**PROBLEM DESCRIPTION**.
Would you repeat the entries below word for word and omit the pictures?

** Opening INFORMATION block **

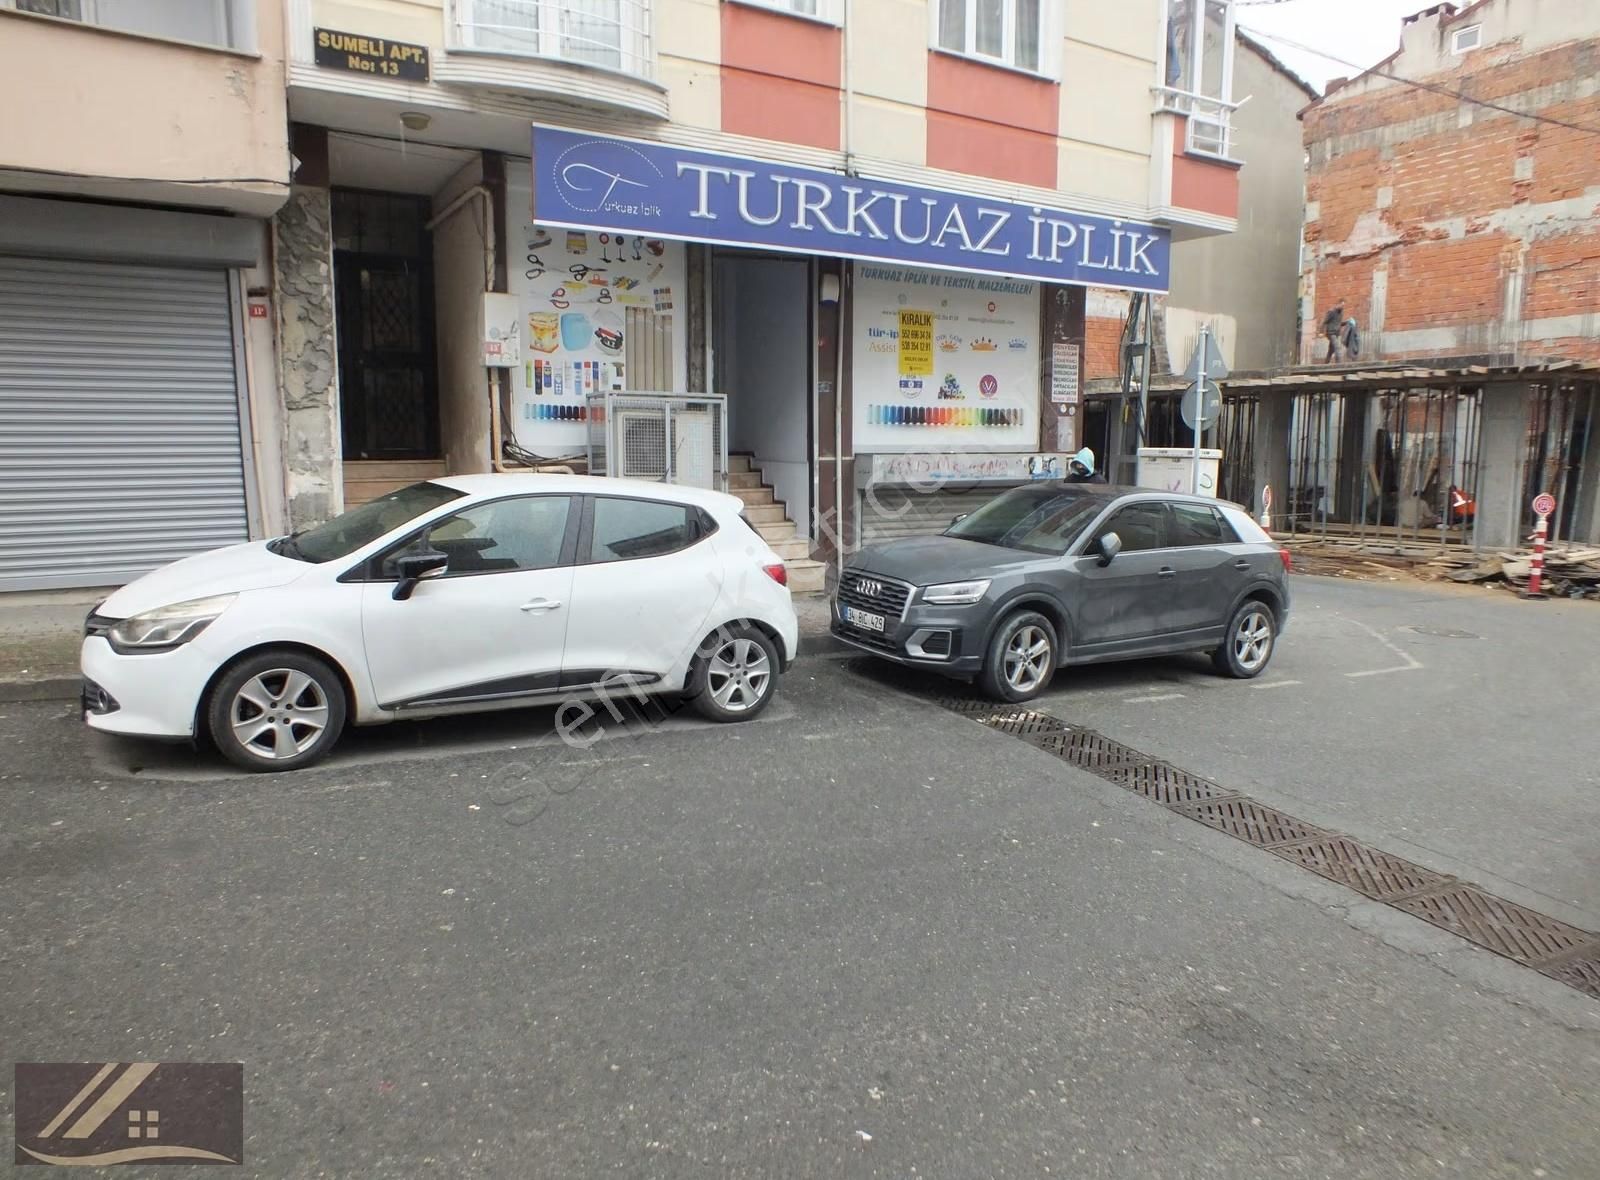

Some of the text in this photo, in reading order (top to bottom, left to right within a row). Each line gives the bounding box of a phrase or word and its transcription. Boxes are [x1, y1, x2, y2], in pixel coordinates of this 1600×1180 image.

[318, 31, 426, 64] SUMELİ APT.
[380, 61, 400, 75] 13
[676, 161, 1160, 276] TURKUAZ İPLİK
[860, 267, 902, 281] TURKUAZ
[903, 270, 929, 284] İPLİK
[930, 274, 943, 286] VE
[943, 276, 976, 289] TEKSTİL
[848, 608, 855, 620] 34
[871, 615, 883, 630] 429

** Closing INFORMATION block **

**REPLY TO THE EXERCISE**.
Some of the text in this photo, in reading order (top to bottom, left to right within a row). Each line gives the bounding box of a phrase or word and its transcription. Boxes are [x1, y1, x2, y2], in pixel coordinates of this 1600×1180 image.

[318, 31, 426, 64] SUMELİ APT.
[380, 61, 400, 75] 13
[676, 161, 1160, 276] TURKUAZ İPLİK
[860, 267, 902, 281] TURKUAZ
[903, 270, 929, 284] İPLİK
[930, 274, 943, 286] VE
[943, 276, 976, 289] TEKSTİL
[848, 608, 855, 620] 34
[871, 615, 883, 630] 429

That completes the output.